§ **Problem requirements**
Transcribe exactly the line containing "this 1280×1440 image." and each line after it, through the end of the entries, with nothing before or after.

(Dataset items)
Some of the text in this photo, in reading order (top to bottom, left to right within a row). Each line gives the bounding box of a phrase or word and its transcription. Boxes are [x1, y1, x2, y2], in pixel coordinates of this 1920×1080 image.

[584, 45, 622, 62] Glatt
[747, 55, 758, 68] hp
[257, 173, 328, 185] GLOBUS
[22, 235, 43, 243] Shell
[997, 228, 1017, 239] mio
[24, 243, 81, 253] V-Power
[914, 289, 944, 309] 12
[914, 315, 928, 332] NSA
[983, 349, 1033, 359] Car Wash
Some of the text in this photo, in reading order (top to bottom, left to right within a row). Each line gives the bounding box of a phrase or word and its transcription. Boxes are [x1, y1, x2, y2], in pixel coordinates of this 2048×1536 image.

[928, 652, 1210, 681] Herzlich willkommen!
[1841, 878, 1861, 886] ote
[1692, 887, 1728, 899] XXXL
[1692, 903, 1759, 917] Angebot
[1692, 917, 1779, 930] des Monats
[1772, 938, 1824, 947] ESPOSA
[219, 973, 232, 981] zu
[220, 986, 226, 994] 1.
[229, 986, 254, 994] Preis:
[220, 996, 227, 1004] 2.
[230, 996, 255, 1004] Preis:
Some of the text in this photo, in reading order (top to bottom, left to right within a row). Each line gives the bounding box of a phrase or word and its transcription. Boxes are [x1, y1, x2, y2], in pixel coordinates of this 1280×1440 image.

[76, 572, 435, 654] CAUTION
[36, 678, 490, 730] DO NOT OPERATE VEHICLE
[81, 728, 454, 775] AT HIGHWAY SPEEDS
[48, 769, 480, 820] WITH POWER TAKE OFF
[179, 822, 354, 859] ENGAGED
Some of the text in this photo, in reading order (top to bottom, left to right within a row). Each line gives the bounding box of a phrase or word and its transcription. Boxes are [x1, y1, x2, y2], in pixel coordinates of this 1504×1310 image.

§ **Output of the exercise**
Some of the text in this photo, in reading order (top to bottom, left to right within a row). Each line gives the bounding box of a phrase or word and its transcription. Boxes are [x1, y1, x2, y2], in pixel coordinates of this 1280×1440 image.

[76, 572, 435, 654] CAUTION
[36, 678, 490, 730] DO NOT OPERATE VEHICLE
[81, 728, 454, 775] AT HIGHWAY SPEEDS
[48, 769, 480, 820] WITH POWER TAKE OFF
[179, 822, 354, 859] ENGAGED
Some of the text in this photo, in reading order (top to bottom, left to right within a row). Each line gives the bounding box of a phrase or word and its transcription. Boxes are [x1, y1, x2, y2], in pixel coordinates of this 1504×1310 image.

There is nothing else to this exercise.